My daughter, Abby, had been intently following the reports, as I knew she would. That girl will never suffer from a dearth of information. The earthquake had been a 5.7, and by 1:00 p.m. we’d had roughly sixty aftershocks, another thirty by 4:30, which taught me that aftershocks can be deceitful. At 7:09 a.m. I knew the first incident was generally the worst, but as the tremors continued, I was ripe to be taken in by rumors that another bigger one was predicted, and called my son, Chase, in Provo to make sure he was protecting himself. Right afterwards, I looked it up and realized I’d let the aftershocks rattle me, which is important for me to own so I can learn something.
We sustained a long crack in our front walk, a few fallen pictures and knickknacks, and a broken terracotta warrior, very lucky.
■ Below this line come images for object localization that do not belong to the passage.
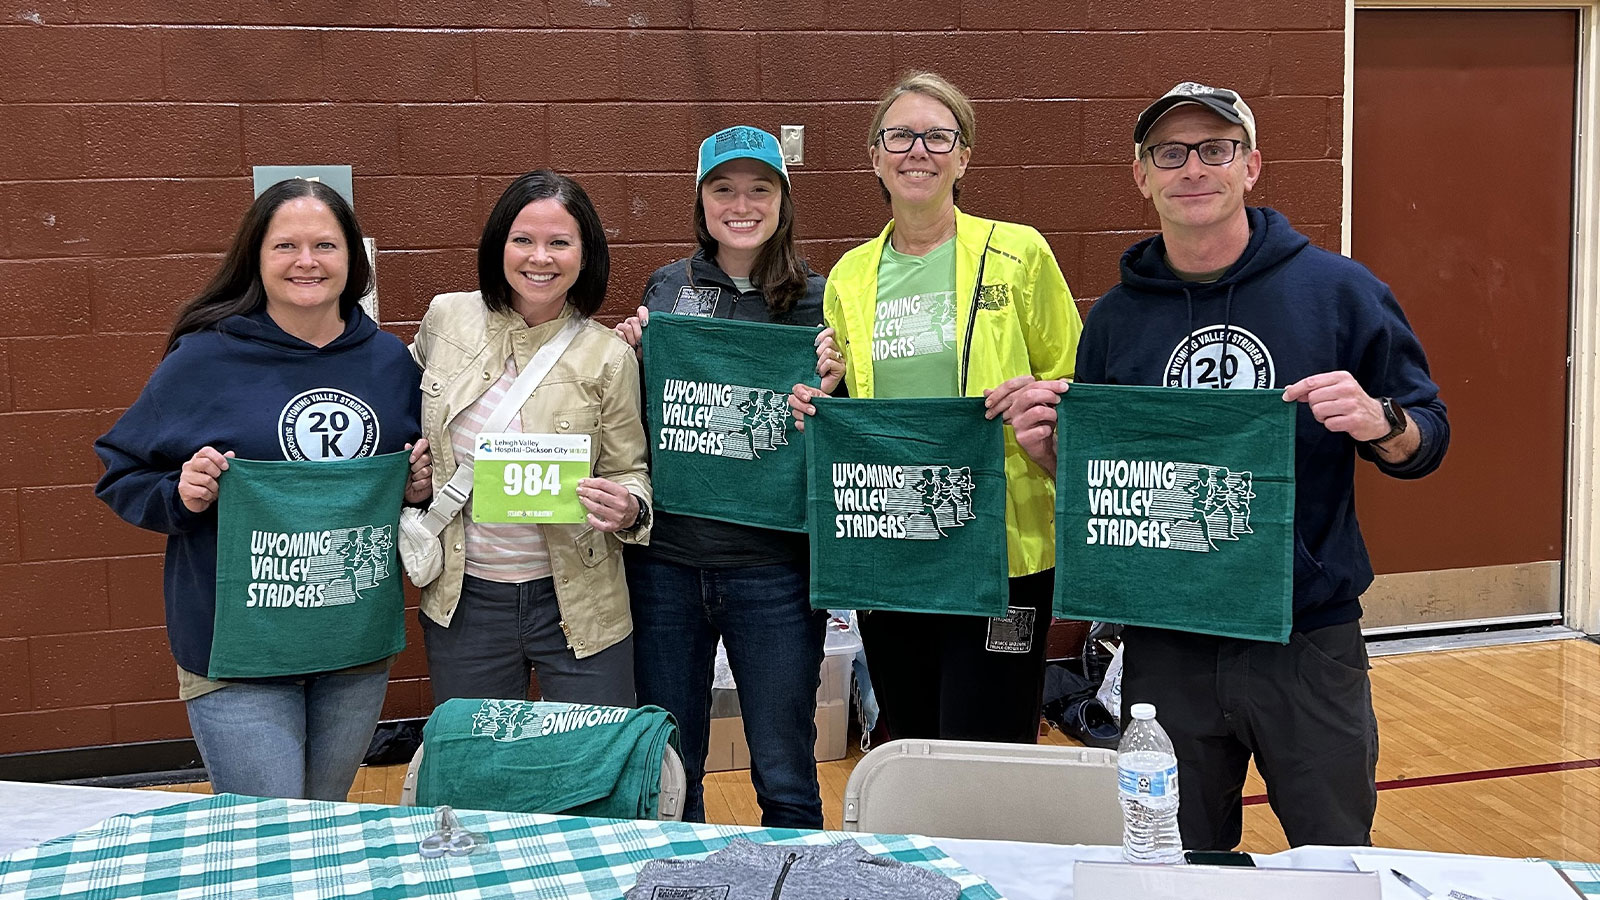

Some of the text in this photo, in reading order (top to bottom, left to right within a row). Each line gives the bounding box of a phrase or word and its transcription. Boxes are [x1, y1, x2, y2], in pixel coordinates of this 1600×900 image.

[874, 295, 921, 320] OMING
[873, 317, 904, 338] LLEY
[872, 336, 916, 361] RIDERS
[1231, 333, 1265, 366] STRIDERS
[1195, 354, 1239, 384] 20
[663, 379, 732, 408] WYOMING
[285, 393, 371, 424] WYOMING VALLEY STRIDERS
[662, 403, 714, 428] VALLEY
[308, 410, 350, 433] 20
[321, 433, 344, 458] K
[519, 440, 540, 448] Valley
[553, 446, 568, 455] City
[658, 428, 725, 456] STRIDERS
[503, 463, 562, 496] 984
[832, 463, 905, 488] WYOMING
[1087, 459, 1177, 490] WYOMING
[834, 488, 888, 512] VALLEY
[1088, 488, 1154, 517] VALLEY
[835, 514, 907, 539] STRIDERS
[1086, 517, 1171, 549] STRIDERS
[251, 530, 332, 557] WYOMING
[251, 556, 311, 581] VALLEY
[246, 583, 325, 608] STRIDERS
[541, 708, 629, 736] WYOMING
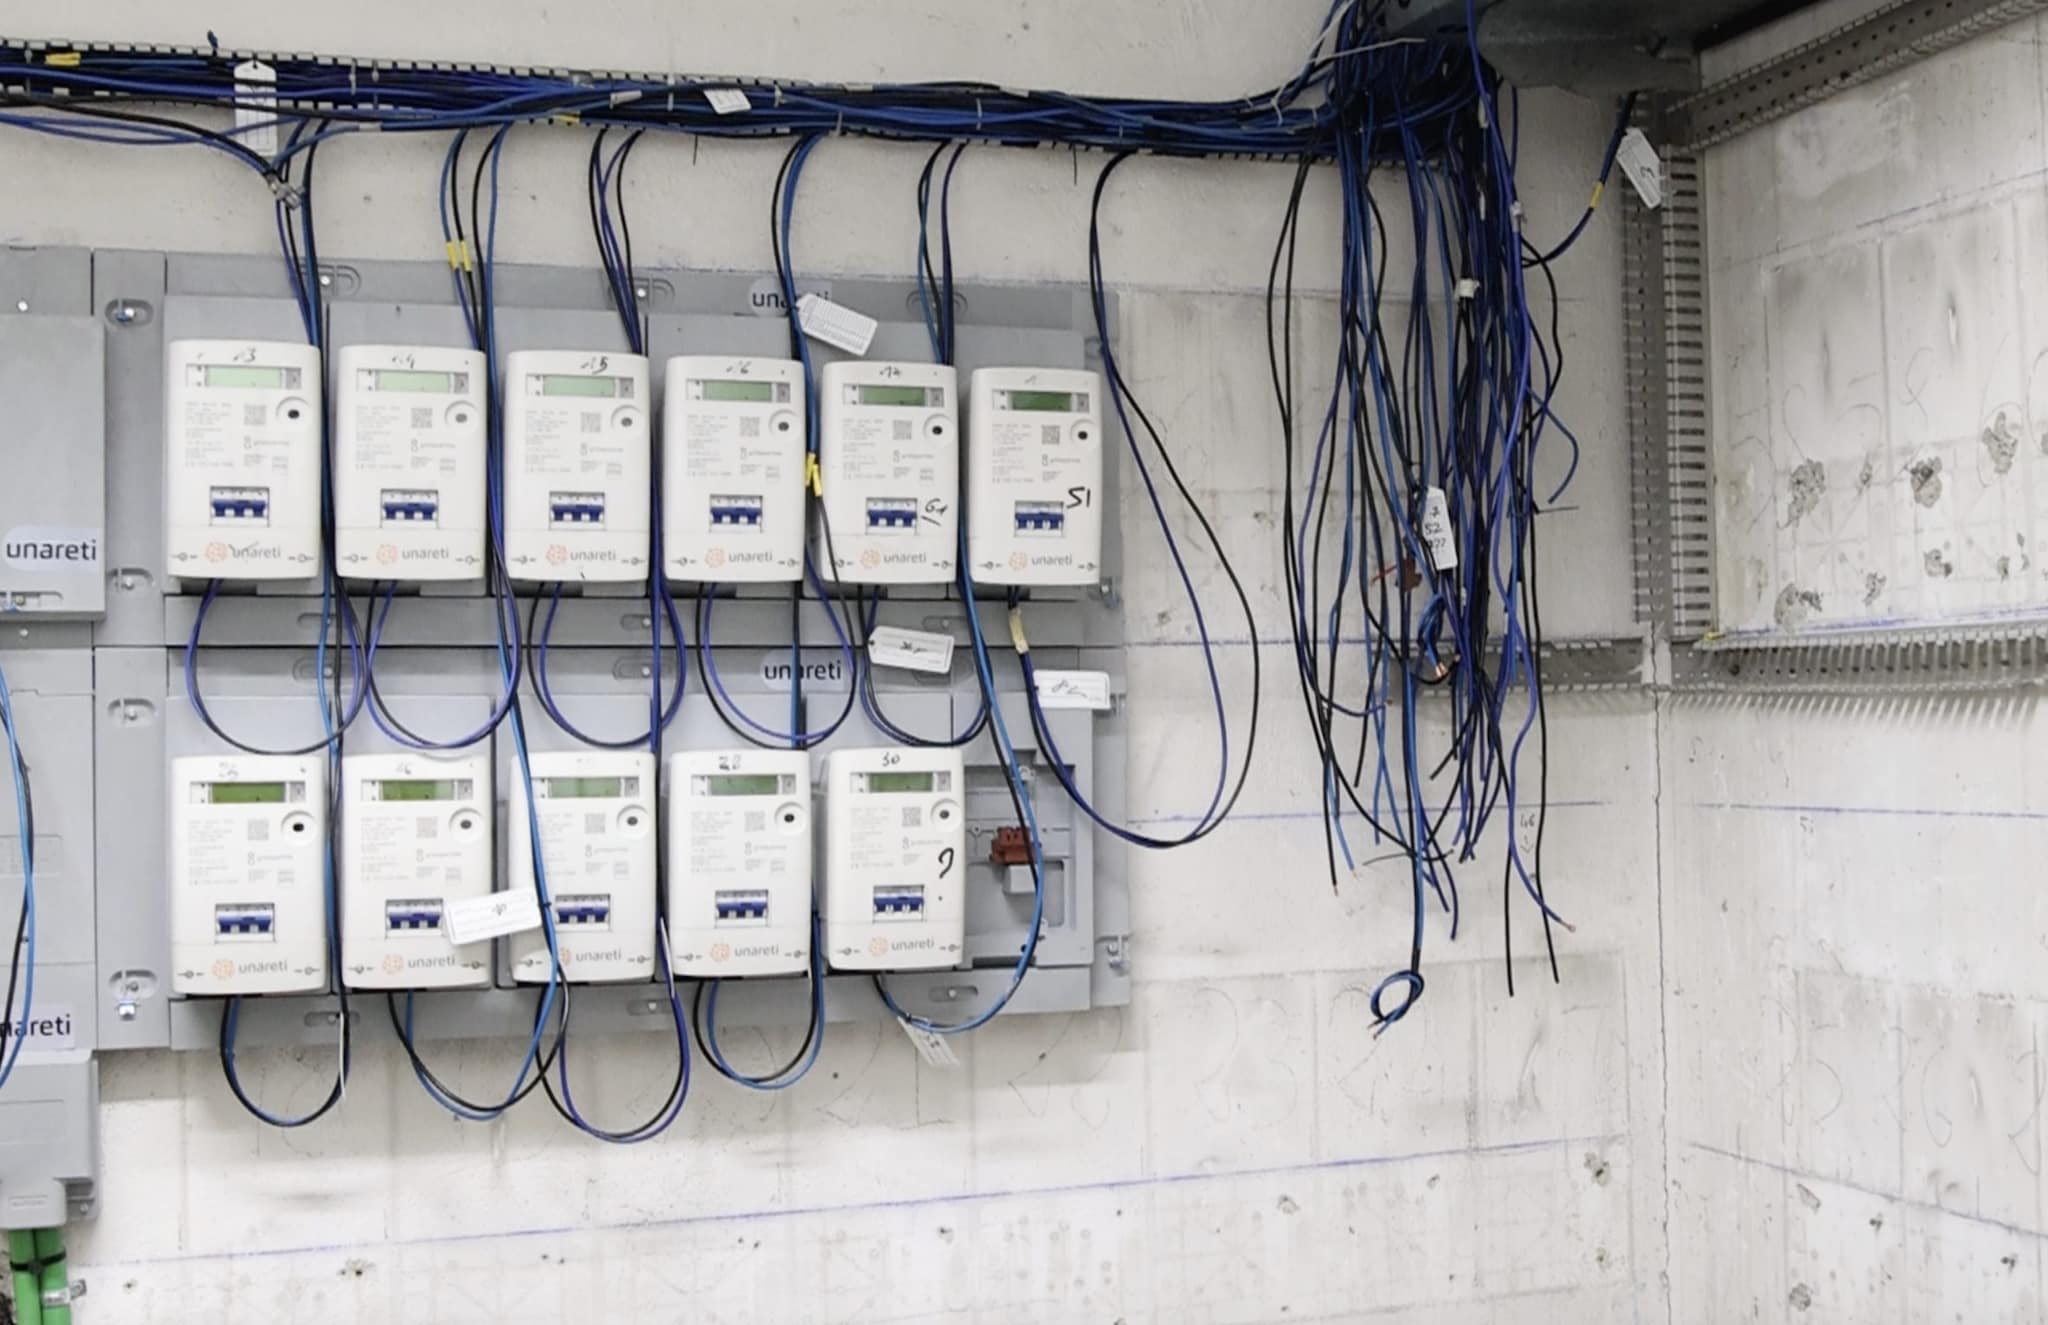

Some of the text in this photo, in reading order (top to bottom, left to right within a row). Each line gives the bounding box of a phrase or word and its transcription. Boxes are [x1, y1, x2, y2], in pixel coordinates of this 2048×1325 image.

[6, 539, 97, 561] unareti
[402, 545, 450, 560] unareti
[570, 548, 617, 563] unareti
[728, 548, 774, 565] unareti
[883, 550, 927, 565] unareti
[1031, 552, 1074, 567] unareti
[734, 942, 780, 959] unareti
[890, 936, 935, 952] unareti
[407, 954, 457, 970] unareti
[575, 947, 623, 963] unareti
[238, 958, 288, 974] unareti
Not everyone got away quite so lightly. I know there were power outages, damaged buildings, and the airport had to close. The Angel Moroni on the Salt Lake Latter-Day Saint Temple even dropped his trumpet, but we are extremely grateful there were no deaths or major injuries. If you absolutely must have an earthquake, this is the way to do it.
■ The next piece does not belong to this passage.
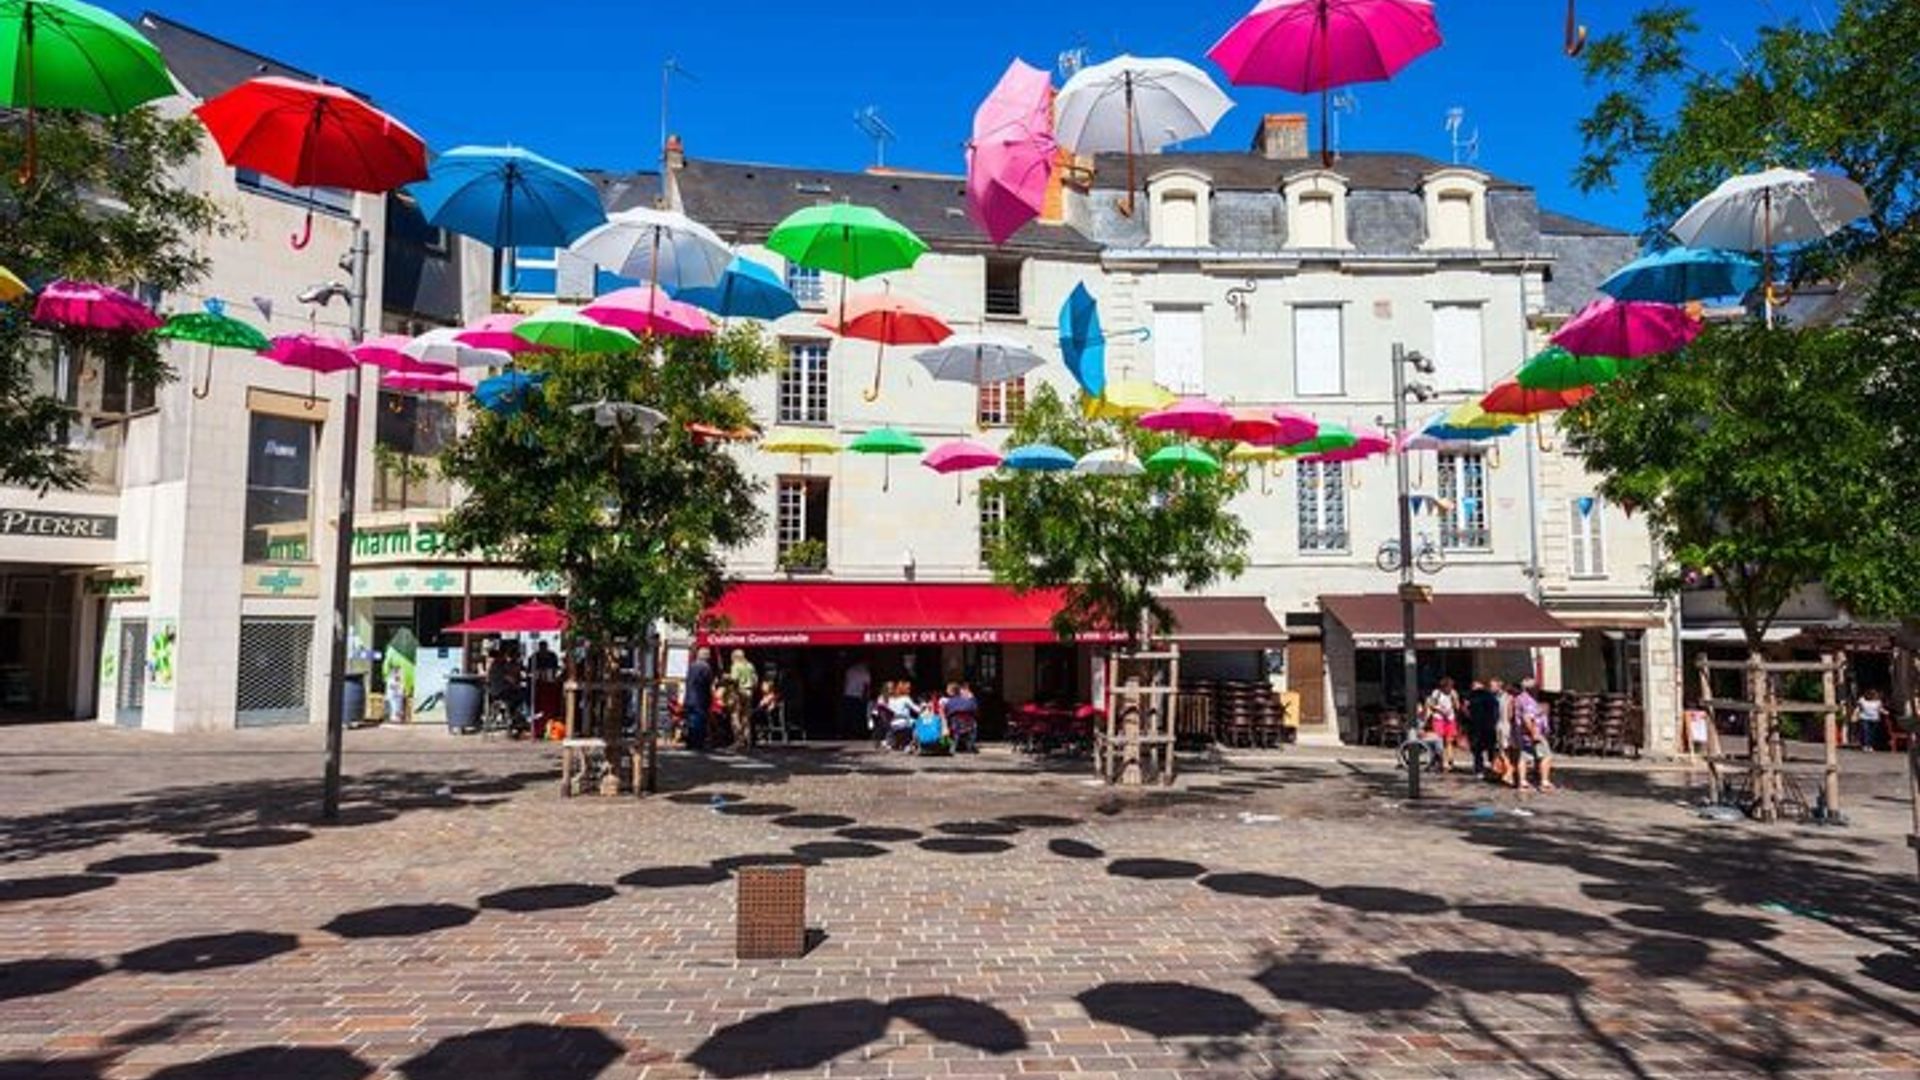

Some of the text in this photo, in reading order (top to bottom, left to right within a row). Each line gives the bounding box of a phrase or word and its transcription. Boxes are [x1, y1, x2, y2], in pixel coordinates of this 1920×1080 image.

Knowing it was likely unnecessary, when I arrived home we put water, a little food, and toilet paper in the car, in case of a quick exit, and the car remained outside the garage, to avoid dent by falling camp chair. After that we goofed through a bit of housework, until Porter figured it was high time we had French onion soup, and began setting out pans and chopping onions, singing Nessun Dorma from Turandot, nailing that spinetingling high note from the core of his soul. For him a B4, or B in the fourth octave, is a victory won from enormous effort. He couldn’t stop smiling, until forty-five minutes later when we had an aftershock of 4.6. Porter turned off the gas burner and yelped, “Should we go!?!”
“We’re okay,” I said.
It turns out that naked or clothed, having your house shake around you is rather unsettling because things that should be rock solid prove themselves to be just as fluid as anything else, given the right pressure. The weird thing is that the bathroom where I was showering during the 5.7, and the couch where I was sitting for the 4.6 have taken on a weirdness I didn’t expect. I’ve been avoiding that bathroom all day because a chunk of brain somewhere behind my left eyeball sort of kind of thinks that if I go in there it’ll start shaking again. It’s not rational, but my mind gives it the force of reality, and I need to figure it out before tonight because that bathroom is attached to my bedroom, and I’m not keen to go flagging out to the guest bath in the middle of the night.
The honest truth is actually a little worse. We’re a no shoes house, but it took me some time to take mine off, in case we had to run. Even then I had them right beside the door, requiring a guess at which door or window might be our escape hatch. I took comfort because my slippers have rubber soles, so they might serve in a pinch. Worse still will be the moment when I can no longer put off going to bed, and must face getting undressed for the night, my rational and irrational duking it out in a war for supremacy.
For the kids and I the best way to face down our fears seemed to involve congregating in my bedroom and talking about this and that. It wasn’t planned, I was just in there doing some things, and first Abby came in and plopped down, then Porter headed in, holding a timer to make sure his soup didn’t simmer too long. The conversation twisted and curled around itself, nothing deep or of great import. Eventually, Abby drifted out, and then Porter got up too, but he delayed his exit, fiddling with the chain dangling from the ceiling fan.
“I’m really happy,” he said, smiling without a trace of irony. “My adrenalin is coming down, and I hit that B4. Everything is good . . . I mean, except for the earthquakes and corona.”
I know what is happening outside my door. We can expect many more aftershocks, my job and others’ will likely vanish, and coronavirus is stalking us all with claws both long and short. But today, 18 March 2020, I was naked in an earthquake, Abby is happily watching Hermitcraft videos, and Porter is playing the piano. We have French onion soup, and I’ve been making brownies with walnuts and chocolate chips so our house smells delicious. I guess I can live with half an apocalypse.